Management efforts on Cedar Hedge have been documented as far back as 1910 when the Michigan Department of Conservation – the precursor to the DNR – first stocked the lake with walleye and smallmouth bass fry. There are no records of any more stocking until between 1940 and 1944 when a combination of panfish, black bass and lake trout were stocked. No other fish have been stocked in Cedar Hedge Lake since, except for a one-time plant of brook trout in 1964.


The DNR established an access site on Cedar Hedge in 1967, located on the south end of the lake off Gonder Road. 


The first survey of the fishery in Cedar Hedge was conducted in May of ’67. The survey crew reported a “well balanced population for this type of lake.” At that time Cedar Hedge was full of bluegills, rock bass, cisco, largemouth bass, northern pike, bullhead, pumpkinseed sunfish, yellow perch, longnose gar, white suckers and bowfin.


The composition of game fish hasn’t changed much since then. 


In the 2017 survey, a total of 1,391 fish were collected representing 24 different species.


Bluegill was the most abundant species with fish ranging up to 9 inches. The survey also found good numbers of largemouth bass between 1 and 19 inches, rock bass between 1 and 10 inches and yellow perch between 2 and 8 inches, although most of the yellow bellies were on the small side.


The DNR survey produced decent numbers of northern pike between 14 and 34 inches and pumpkinseed sunfish, although none were over 3 inches in length.


Light numbers of black crappies to 10 inches and smallmouth bass to 17 were also captured in the survey, along with one 27-inch walleye, which biologists speculate was released into the lake by an angler. 

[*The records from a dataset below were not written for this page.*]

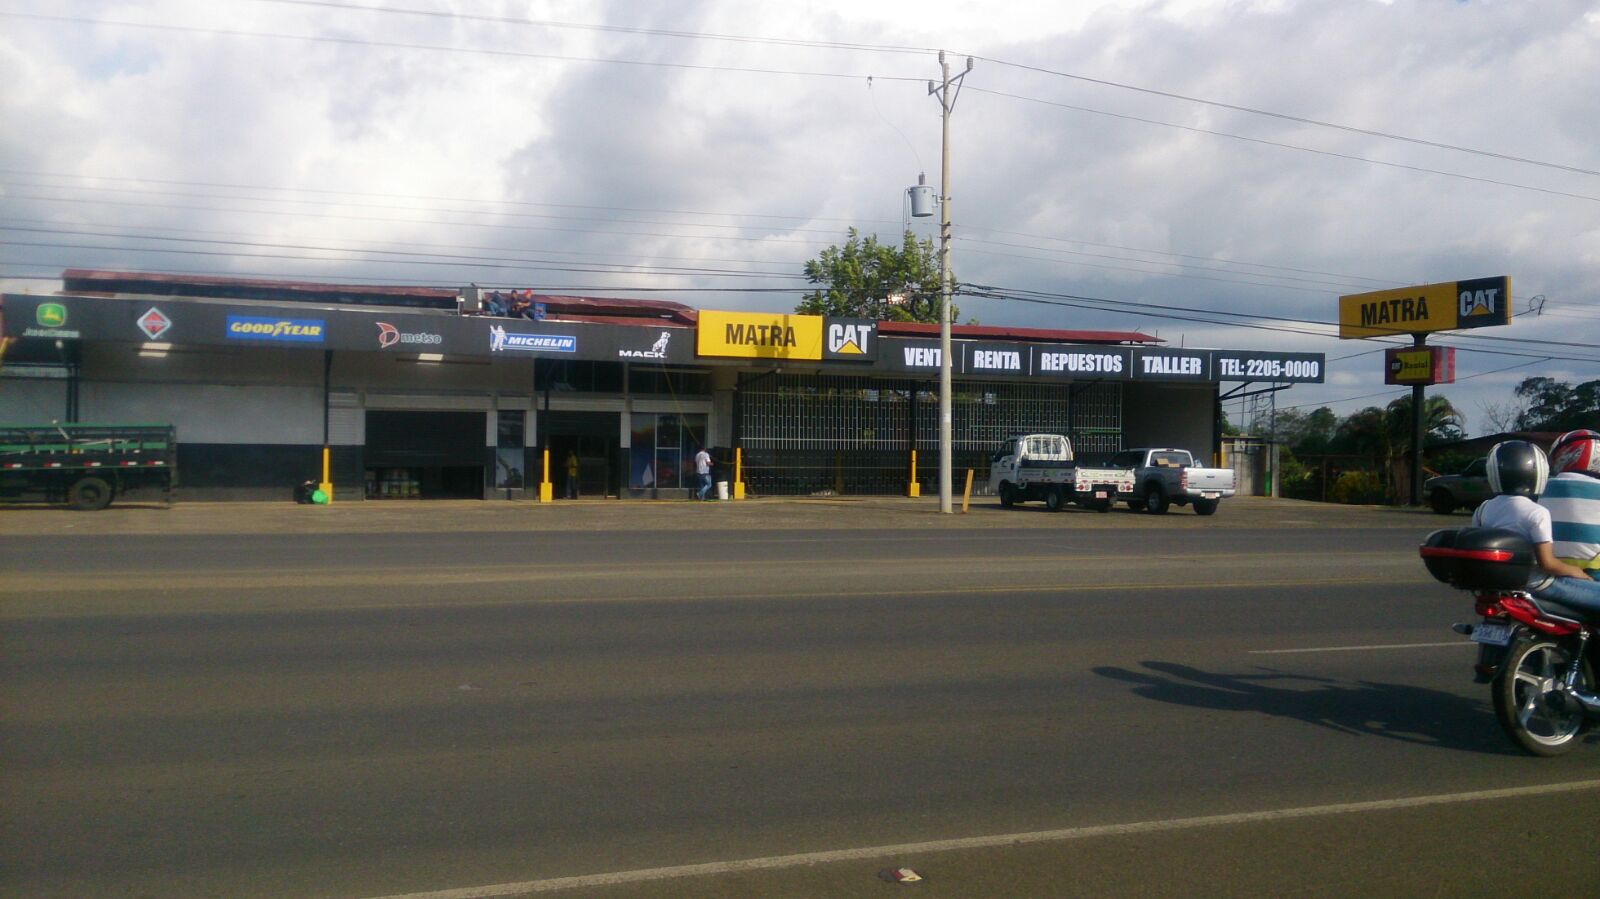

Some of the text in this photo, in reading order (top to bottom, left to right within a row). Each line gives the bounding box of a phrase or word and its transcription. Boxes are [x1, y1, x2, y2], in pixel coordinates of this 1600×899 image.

[1361, 289, 1498, 327] MATRA CAT
[231, 321, 322, 337] GOODYEAR
[400, 333, 443, 345] metso
[725, 323, 872, 354] MATRA CAT
[507, 336, 573, 348] MICHELIN
[618, 349, 665, 359] MACK
[904, 347, 952, 368] VENT
[973, 350, 1021, 370] RENTA
[1041, 352, 1123, 373] REPUESTOS
[1142, 356, 1202, 375] TALLER
[1219, 358, 1319, 378] TEL: 2205-0000
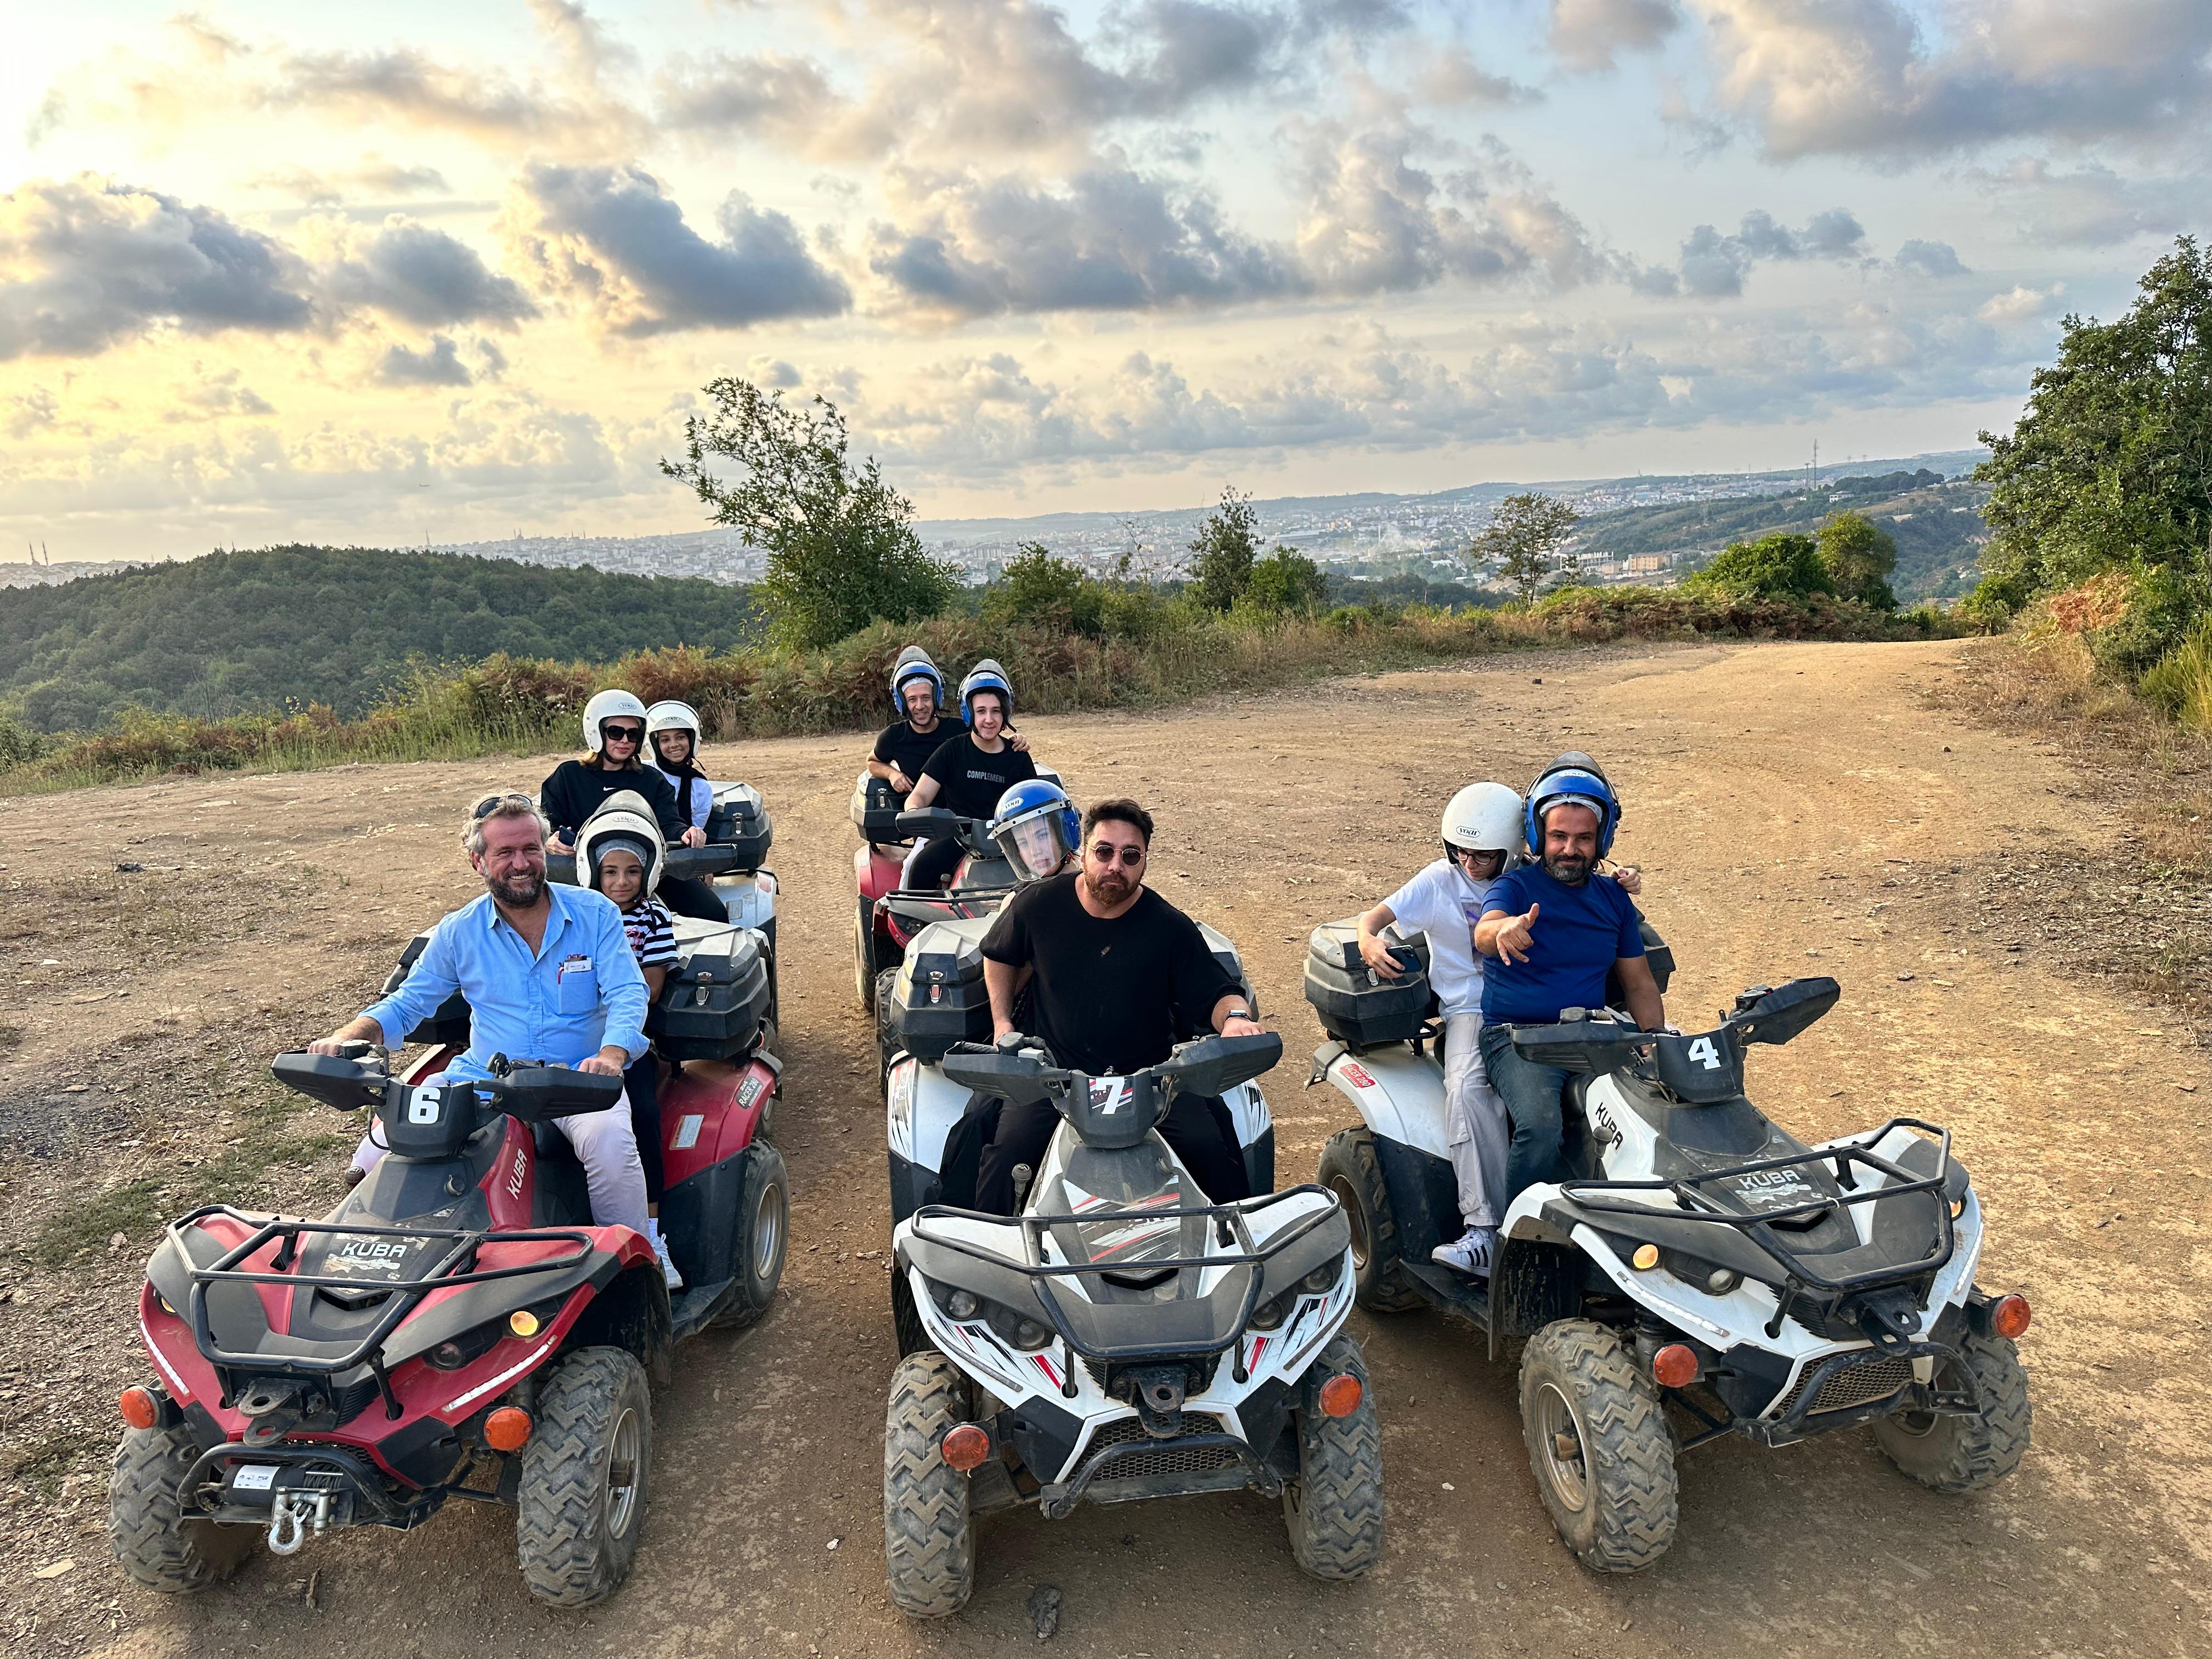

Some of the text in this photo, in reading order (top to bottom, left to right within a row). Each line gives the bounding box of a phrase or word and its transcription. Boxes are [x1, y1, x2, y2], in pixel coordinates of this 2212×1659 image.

“In the past anglers have expressed a desire to have walleye in Cedar Hedge Lake,” Hettinger wrote. “However, given the close proximity to Long Lake, which has a robust walleye fishery, and the presence of cisco in this lake, Cedar Hedge would not be a suitable candidate for walleye stockings.”


Cisco are currently listed as a threatened species in Michigan.


Fish that were caught in the 2017 survey that had not been collected in prior surveys included Iowa darter, banded killifish, common shiner, brook silverside, bluntnose minnow, black crappie, green sunfish and longear sunfish.


Rose suggests that anglers targeting largemouth bass and northern pike work their way around the shoreline and the shore of the island while casting spinnerbaits and crankbaits.

Cedar Hedge

Nearest town………..Interlochen

Surface water…………….195 acres

Maximum depth………….66 feet

Water clarity……………………Clear


Fish species present:

 Black crappie, bluegill, bowfin, brown bullhead, cisco, green sunfish, largemouth bass, longnose gar, longear sunfish, northern pike, pumpkinseed sunfish, rock bass, white sucker, yellow bullhead, yellow perch.